*ABOUT THIS TASK*. Retype the records below so that each one matches exactly.
::::
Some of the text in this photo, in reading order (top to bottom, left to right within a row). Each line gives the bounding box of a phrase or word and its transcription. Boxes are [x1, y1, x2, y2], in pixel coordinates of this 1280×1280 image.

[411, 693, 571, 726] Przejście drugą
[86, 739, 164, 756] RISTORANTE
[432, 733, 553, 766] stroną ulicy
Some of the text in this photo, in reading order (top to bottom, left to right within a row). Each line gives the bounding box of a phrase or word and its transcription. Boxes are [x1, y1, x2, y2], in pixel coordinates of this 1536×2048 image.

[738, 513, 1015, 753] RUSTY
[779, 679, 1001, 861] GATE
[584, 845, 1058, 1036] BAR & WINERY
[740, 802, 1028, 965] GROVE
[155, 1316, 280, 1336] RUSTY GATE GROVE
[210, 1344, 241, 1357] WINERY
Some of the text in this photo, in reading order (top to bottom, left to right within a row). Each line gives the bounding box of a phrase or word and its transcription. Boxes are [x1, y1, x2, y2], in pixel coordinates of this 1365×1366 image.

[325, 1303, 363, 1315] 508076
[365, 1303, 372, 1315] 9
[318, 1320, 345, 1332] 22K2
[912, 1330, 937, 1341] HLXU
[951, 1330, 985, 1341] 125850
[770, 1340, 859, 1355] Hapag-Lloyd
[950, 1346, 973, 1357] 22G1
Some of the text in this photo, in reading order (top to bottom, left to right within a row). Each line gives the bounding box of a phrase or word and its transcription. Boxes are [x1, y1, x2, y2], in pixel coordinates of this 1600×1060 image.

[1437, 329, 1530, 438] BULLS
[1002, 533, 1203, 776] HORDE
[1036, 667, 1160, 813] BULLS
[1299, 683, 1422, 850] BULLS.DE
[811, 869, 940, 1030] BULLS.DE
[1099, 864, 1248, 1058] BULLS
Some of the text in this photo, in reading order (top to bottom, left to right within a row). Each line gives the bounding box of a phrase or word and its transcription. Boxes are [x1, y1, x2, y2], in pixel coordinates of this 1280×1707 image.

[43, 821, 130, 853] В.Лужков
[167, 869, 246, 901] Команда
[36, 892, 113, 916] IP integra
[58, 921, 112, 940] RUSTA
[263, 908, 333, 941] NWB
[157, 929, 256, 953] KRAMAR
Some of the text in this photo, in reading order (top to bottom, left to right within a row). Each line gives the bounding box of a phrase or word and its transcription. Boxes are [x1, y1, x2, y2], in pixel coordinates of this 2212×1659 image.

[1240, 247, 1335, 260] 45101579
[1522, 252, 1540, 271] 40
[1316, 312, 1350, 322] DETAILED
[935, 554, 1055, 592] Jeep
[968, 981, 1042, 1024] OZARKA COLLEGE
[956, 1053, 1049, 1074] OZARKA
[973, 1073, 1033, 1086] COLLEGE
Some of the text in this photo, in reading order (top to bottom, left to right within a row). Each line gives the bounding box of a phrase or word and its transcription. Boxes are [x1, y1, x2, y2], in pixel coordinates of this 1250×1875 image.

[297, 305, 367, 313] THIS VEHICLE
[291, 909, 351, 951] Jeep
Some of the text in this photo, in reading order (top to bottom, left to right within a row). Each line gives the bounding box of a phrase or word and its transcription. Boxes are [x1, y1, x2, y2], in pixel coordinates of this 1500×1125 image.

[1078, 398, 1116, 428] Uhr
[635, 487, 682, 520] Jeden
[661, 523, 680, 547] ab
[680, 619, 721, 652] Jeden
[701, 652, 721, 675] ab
::::
*YOUR SOLUTION*.
Some of the text in this photo, in reading order (top to bottom, left to right within a row). Each line gives the bounding box of a phrase or word and its transcription. Boxes are [x1, y1, x2, y2], in pixel coordinates of this 1280×1280 image.

[411, 693, 571, 726] Przejście drugą
[86, 739, 164, 756] RISTORANTE
[432, 733, 553, 766] stroną ulicy
Some of the text in this photo, in reading order (top to bottom, left to right within a row). Each line gives the bounding box of a phrase or word and its transcription. Boxes are [x1, y1, x2, y2], in pixel coordinates of this 1536×2048 image.

[738, 513, 1015, 753] RUSTY
[779, 679, 1001, 861] GATE
[584, 845, 1058, 1036] BAR & WINERY
[740, 802, 1028, 965] GROVE
[155, 1316, 280, 1336] RUSTY GATE GROVE
[210, 1344, 241, 1357] WINERY
Some of the text in this photo, in reading order (top to bottom, left to right within a row). Each line gives the bounding box of a phrase or word and its transcription. Boxes are [x1, y1, x2, y2], in pixel coordinates of this 1365×1366 image.

[325, 1303, 363, 1315] 508076
[365, 1303, 372, 1315] 9
[318, 1320, 345, 1332] 22K2
[912, 1330, 937, 1341] HLXU
[951, 1330, 985, 1341] 125850
[770, 1340, 859, 1355] Hapag-Lloyd
[950, 1346, 973, 1357] 22G1
Some of the text in this photo, in reading order (top to bottom, left to right within a row). Each line gives the bounding box of a phrase or word and its transcription. Boxes are [x1, y1, x2, y2], in pixel coordinates of this 1600×1060 image.

[1437, 329, 1530, 438] BULLS
[1002, 533, 1203, 776] HORDE
[1036, 667, 1160, 813] BULLS
[1299, 683, 1422, 850] BULLS.DE
[811, 869, 940, 1030] BULLS.DE
[1099, 864, 1248, 1058] BULLS
Some of the text in this photo, in reading order (top to bottom, left to right within a row). Each line gives the bounding box of a phrase or word and its transcription. Boxes are [x1, y1, x2, y2], in pixel coordinates of this 1280×1707 image.

[43, 821, 130, 853] В.Лужков
[167, 869, 246, 901] Команда
[36, 892, 113, 916] IP integra
[58, 921, 112, 940] RUSTA
[263, 908, 333, 941] NWB
[157, 929, 256, 953] KRAMAR
Some of the text in this photo, in reading order (top to bottom, left to right within a row). Each line gives the bounding box of a phrase or word and its transcription. Boxes are [x1, y1, x2, y2], in pixel coordinates of this 2212×1659 image.

[1240, 247, 1335, 260] 45101579
[1522, 252, 1540, 271] 40
[1316, 312, 1350, 322] DETAILED
[935, 554, 1055, 592] Jeep
[968, 981, 1042, 1024] OZARKA COLLEGE
[956, 1053, 1049, 1074] OZARKA
[973, 1073, 1033, 1086] COLLEGE
Some of the text in this photo, in reading order (top to bottom, left to right within a row). Each line gives the bounding box of a phrase or word and its transcription. Boxes are [x1, y1, x2, y2], in pixel coordinates of this 1250×1875 image.

[297, 305, 367, 313] THIS VEHICLE
[291, 909, 351, 951] Jeep
Some of the text in this photo, in reading order (top to bottom, left to right within a row). Each line gives the bounding box of a phrase or word and its transcription. Boxes are [x1, y1, x2, y2], in pixel coordinates of this 1500×1125 image.

[1078, 398, 1116, 428] Uhr
[635, 487, 682, 520] Jeden
[661, 523, 680, 547] ab
[680, 619, 721, 652] Jeden
[701, 652, 721, 675] ab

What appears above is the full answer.